# TRY IT:
All records are to be printed exactly as they appear.

# MATERIAL SUPPLIED:
· · · ·
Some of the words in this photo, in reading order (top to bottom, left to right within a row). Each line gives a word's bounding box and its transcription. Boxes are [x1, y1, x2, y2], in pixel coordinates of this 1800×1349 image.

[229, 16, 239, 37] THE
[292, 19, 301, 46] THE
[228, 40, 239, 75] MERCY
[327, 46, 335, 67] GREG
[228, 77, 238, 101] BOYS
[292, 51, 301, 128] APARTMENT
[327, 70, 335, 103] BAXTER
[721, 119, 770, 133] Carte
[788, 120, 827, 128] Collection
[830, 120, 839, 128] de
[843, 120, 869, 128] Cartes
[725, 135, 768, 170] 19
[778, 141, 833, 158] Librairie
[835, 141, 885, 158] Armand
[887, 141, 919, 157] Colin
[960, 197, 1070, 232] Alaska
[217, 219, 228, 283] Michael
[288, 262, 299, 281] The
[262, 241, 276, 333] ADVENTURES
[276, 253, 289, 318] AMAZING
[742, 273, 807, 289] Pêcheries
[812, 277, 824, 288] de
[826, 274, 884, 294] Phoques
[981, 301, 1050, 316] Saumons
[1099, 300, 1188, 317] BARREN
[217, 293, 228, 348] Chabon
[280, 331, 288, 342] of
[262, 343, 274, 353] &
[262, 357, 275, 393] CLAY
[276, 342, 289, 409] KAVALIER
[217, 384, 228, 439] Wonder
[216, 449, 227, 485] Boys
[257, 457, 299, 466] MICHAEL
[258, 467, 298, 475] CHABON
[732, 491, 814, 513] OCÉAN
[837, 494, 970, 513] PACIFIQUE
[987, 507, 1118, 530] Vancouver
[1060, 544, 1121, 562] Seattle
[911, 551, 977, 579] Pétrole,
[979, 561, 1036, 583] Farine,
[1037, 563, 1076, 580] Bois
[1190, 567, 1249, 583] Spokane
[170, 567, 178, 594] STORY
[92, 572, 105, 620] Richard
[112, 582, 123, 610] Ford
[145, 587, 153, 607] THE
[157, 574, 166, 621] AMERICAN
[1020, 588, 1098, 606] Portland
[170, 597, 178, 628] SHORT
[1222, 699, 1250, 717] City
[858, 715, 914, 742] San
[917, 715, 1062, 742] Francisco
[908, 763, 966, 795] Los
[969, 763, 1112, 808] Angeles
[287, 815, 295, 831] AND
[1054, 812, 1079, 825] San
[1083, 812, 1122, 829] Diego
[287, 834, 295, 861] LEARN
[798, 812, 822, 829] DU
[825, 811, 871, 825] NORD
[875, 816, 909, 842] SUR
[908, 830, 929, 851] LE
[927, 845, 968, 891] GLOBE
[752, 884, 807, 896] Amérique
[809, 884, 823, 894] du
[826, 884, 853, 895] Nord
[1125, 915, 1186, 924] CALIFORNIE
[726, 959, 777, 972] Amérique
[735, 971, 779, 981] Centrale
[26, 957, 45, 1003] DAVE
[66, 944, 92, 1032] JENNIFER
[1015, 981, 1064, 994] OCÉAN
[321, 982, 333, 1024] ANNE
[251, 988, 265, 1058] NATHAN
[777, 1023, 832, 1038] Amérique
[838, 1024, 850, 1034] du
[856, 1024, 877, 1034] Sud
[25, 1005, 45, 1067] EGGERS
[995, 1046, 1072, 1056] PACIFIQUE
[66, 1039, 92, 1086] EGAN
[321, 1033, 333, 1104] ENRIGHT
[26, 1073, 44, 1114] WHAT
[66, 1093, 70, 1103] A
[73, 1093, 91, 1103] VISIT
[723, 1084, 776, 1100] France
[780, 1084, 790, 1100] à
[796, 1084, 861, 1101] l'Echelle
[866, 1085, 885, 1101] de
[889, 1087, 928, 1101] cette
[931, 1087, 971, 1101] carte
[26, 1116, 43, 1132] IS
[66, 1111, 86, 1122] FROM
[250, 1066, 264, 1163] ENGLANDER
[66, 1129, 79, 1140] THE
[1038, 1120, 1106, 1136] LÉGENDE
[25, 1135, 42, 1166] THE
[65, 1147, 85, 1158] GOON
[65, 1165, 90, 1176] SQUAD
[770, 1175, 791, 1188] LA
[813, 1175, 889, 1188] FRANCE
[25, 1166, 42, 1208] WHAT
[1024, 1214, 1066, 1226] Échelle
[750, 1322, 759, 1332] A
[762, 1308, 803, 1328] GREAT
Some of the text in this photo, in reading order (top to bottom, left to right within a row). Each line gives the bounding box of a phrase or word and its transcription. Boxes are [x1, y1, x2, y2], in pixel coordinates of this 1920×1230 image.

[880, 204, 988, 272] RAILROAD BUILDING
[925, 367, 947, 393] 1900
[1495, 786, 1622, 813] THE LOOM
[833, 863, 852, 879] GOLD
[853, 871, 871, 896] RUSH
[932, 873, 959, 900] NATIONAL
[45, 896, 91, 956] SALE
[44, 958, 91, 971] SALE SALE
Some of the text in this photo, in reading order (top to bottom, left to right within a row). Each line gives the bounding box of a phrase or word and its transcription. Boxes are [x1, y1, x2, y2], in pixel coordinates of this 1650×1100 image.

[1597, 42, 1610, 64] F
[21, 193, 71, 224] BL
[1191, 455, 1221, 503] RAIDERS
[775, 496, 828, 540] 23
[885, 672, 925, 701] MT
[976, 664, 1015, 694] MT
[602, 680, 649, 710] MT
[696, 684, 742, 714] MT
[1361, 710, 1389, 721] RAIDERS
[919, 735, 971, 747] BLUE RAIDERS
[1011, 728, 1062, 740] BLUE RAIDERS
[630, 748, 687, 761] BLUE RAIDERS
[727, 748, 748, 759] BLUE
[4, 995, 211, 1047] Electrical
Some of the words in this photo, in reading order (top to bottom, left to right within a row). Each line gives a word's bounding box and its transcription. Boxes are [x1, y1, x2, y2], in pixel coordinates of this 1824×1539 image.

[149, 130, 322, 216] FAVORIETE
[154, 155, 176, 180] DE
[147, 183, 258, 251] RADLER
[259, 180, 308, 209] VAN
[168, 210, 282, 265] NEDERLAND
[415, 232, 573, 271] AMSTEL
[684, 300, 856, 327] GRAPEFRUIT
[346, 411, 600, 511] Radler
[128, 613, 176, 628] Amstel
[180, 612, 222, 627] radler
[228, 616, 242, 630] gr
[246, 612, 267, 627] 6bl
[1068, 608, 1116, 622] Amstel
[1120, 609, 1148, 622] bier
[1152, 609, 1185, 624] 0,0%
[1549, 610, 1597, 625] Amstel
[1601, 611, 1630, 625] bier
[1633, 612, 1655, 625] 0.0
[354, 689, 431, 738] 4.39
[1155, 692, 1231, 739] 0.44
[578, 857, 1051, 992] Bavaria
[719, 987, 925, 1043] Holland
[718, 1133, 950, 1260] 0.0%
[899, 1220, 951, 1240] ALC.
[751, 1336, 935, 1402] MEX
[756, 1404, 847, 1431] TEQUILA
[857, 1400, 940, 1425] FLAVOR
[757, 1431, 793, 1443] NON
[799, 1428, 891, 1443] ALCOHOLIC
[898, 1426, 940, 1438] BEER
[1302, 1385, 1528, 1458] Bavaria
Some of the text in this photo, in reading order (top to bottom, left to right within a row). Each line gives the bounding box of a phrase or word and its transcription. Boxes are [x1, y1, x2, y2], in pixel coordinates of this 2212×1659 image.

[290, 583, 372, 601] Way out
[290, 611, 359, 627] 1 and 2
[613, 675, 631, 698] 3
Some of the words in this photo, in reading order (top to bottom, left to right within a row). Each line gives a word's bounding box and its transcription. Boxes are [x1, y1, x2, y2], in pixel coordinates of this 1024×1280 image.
· · · ·
# EXERCISE RESULT:
Some of the words in this photo, in reading order (top to bottom, left to right within a row). Each line gives a word's bounding box and its transcription. Boxes are [x1, y1, x2, y2], in pixel coordinates of this 1800×1349 image.

[229, 16, 239, 37] THE
[292, 19, 301, 46] THE
[228, 40, 239, 75] MERCY
[327, 46, 335, 67] GREG
[228, 77, 238, 101] BOYS
[292, 51, 301, 128] APARTMENT
[327, 70, 335, 103] BAXTER
[721, 119, 770, 133] Carte
[788, 120, 827, 128] Collection
[830, 120, 839, 128] de
[843, 120, 869, 128] Cartes
[725, 135, 768, 170] 19
[778, 141, 833, 158] Librairie
[835, 141, 885, 158] Armand
[887, 141, 919, 157] Colin
[960, 197, 1070, 232] Alaska
[217, 219, 228, 283] Michael
[288, 262, 299, 281] The
[262, 241, 276, 333] ADVENTURES
[276, 253, 289, 318] AMAZING
[742, 273, 807, 289] Pêcheries
[812, 277, 824, 288] de
[826, 274, 884, 294] Phoques
[981, 301, 1050, 316] Saumons
[1099, 300, 1188, 317] BARREN
[217, 293, 228, 348] Chabon
[280, 331, 288, 342] of
[262, 343, 274, 353] &
[262, 357, 275, 393] CLAY
[276, 342, 289, 409] KAVALIER
[217, 384, 228, 439] Wonder
[216, 449, 227, 485] Boys
[257, 457, 299, 466] MICHAEL
[258, 467, 298, 475] CHABON
[732, 491, 814, 513] OCÉAN
[837, 494, 970, 513] PACIFIQUE
[987, 507, 1118, 530] Vancouver
[1060, 544, 1121, 562] Seattle
[911, 551, 977, 579] Pétrole,
[979, 561, 1036, 583] Farine,
[1037, 563, 1076, 580] Bois
[1190, 567, 1249, 583] Spokane
[170, 567, 178, 594] STORY
[92, 572, 105, 620] Richard
[112, 582, 123, 610] Ford
[145, 587, 153, 607] THE
[157, 574, 166, 621] AMERICAN
[1020, 588, 1098, 606] Portland
[170, 597, 178, 628] SHORT
[1222, 699, 1250, 717] City
[858, 715, 914, 742] San
[917, 715, 1062, 742] Francisco
[908, 763, 966, 795] Los
[969, 763, 1112, 808] Angeles
[287, 815, 295, 831] AND
[1054, 812, 1079, 825] San
[1083, 812, 1122, 829] Diego
[287, 834, 295, 861] LEARN
[798, 812, 822, 829] DU
[825, 811, 871, 825] NORD
[875, 816, 909, 842] SUR
[908, 830, 929, 851] LE
[927, 845, 968, 891] GLOBE
[752, 884, 807, 896] Amérique
[809, 884, 823, 894] du
[826, 884, 853, 895] Nord
[1125, 915, 1186, 924] CALIFORNIE
[726, 959, 777, 972] Amérique
[735, 971, 779, 981] Centrale
[26, 957, 45, 1003] DAVE
[66, 944, 92, 1032] JENNIFER
[1015, 981, 1064, 994] OCÉAN
[321, 982, 333, 1024] ANNE
[251, 988, 265, 1058] NATHAN
[777, 1023, 832, 1038] Amérique
[838, 1024, 850, 1034] du
[856, 1024, 877, 1034] Sud
[25, 1005, 45, 1067] EGGERS
[995, 1046, 1072, 1056] PACIFIQUE
[66, 1039, 92, 1086] EGAN
[321, 1033, 333, 1104] ENRIGHT
[26, 1073, 44, 1114] WHAT
[66, 1093, 70, 1103] A
[73, 1093, 91, 1103] VISIT
[723, 1084, 776, 1100] France
[780, 1084, 790, 1100] à
[796, 1084, 861, 1101] l'Echelle
[866, 1085, 885, 1101] de
[889, 1087, 928, 1101] cette
[931, 1087, 971, 1101] carte
[26, 1116, 43, 1132] IS
[66, 1111, 86, 1122] FROM
[250, 1066, 264, 1163] ENGLANDER
[66, 1129, 79, 1140] THE
[1038, 1120, 1106, 1136] LÉGENDE
[25, 1135, 42, 1166] THE
[65, 1147, 85, 1158] GOON
[65, 1165, 90, 1176] SQUAD
[770, 1175, 791, 1188] LA
[813, 1175, 889, 1188] FRANCE
[25, 1166, 42, 1208] WHAT
[1024, 1214, 1066, 1226] Échelle
[750, 1322, 759, 1332] A
[762, 1308, 803, 1328] GREAT
Some of the text in this photo, in reading order (top to bottom, left to right within a row). Each line gives the bounding box of a phrase or word and its transcription. Boxes are [x1, y1, x2, y2], in pixel coordinates of this 1920×1230 image.

[880, 204, 988, 272] RAILROAD BUILDING
[925, 367, 947, 393] 1900
[1495, 786, 1622, 813] THE LOOM
[833, 863, 852, 879] GOLD
[853, 871, 871, 896] RUSH
[932, 873, 959, 900] NATIONAL
[45, 896, 91, 956] SALE
[44, 958, 91, 971] SALE SALE
Some of the text in this photo, in reading order (top to bottom, left to right within a row). Each line gives the bounding box of a phrase or word and its transcription. Boxes are [x1, y1, x2, y2], in pixel coordinates of this 1650×1100 image.

[1597, 42, 1610, 64] F
[21, 193, 71, 224] BL
[1191, 455, 1221, 503] RAIDERS
[775, 496, 828, 540] 23
[885, 672, 925, 701] MT
[976, 664, 1015, 694] MT
[602, 680, 649, 710] MT
[696, 684, 742, 714] MT
[1361, 710, 1389, 721] RAIDERS
[919, 735, 971, 747] BLUE RAIDERS
[1011, 728, 1062, 740] BLUE RAIDERS
[630, 748, 687, 761] BLUE RAIDERS
[727, 748, 748, 759] BLUE
[4, 995, 211, 1047] Electrical
Some of the words in this photo, in reading order (top to bottom, left to right within a row). Each line gives a word's bounding box and its transcription. Boxes are [x1, y1, x2, y2], in pixel coordinates of this 1824×1539 image.

[149, 130, 322, 216] FAVORIETE
[154, 155, 176, 180] DE
[147, 183, 258, 251] RADLER
[259, 180, 308, 209] VAN
[168, 210, 282, 265] NEDERLAND
[415, 232, 573, 271] AMSTEL
[684, 300, 856, 327] GRAPEFRUIT
[346, 411, 600, 511] Radler
[128, 613, 176, 628] Amstel
[180, 612, 222, 627] radler
[228, 616, 242, 630] gr
[246, 612, 267, 627] 6bl
[1068, 608, 1116, 622] Amstel
[1120, 609, 1148, 622] bier
[1152, 609, 1185, 624] 0,0%
[1549, 610, 1597, 625] Amstel
[1601, 611, 1630, 625] bier
[1633, 612, 1655, 625] 0.0
[354, 689, 431, 738] 4.39
[1155, 692, 1231, 739] 0.44
[578, 857, 1051, 992] Bavaria
[719, 987, 925, 1043] Holland
[718, 1133, 950, 1260] 0.0%
[899, 1220, 951, 1240] ALC.
[751, 1336, 935, 1402] MEX
[756, 1404, 847, 1431] TEQUILA
[857, 1400, 940, 1425] FLAVOR
[757, 1431, 793, 1443] NON
[799, 1428, 891, 1443] ALCOHOLIC
[898, 1426, 940, 1438] BEER
[1302, 1385, 1528, 1458] Bavaria
Some of the text in this photo, in reading order (top to bottom, left to right within a row). Each line gives the bounding box of a phrase or word and its transcription. Boxes are [x1, y1, x2, y2], in pixel coordinates of this 2212×1659 image.

[290, 583, 372, 601] Way out
[290, 611, 359, 627] 1 and 2
[613, 675, 631, 698] 3
Some of the words in this photo, in reading order (top to bottom, left to right within a row). Each line gives a word's bounding box and its transcription. Boxes are [x1, y1, x2, y2], in pixel coordinates of this 1024×1280 image.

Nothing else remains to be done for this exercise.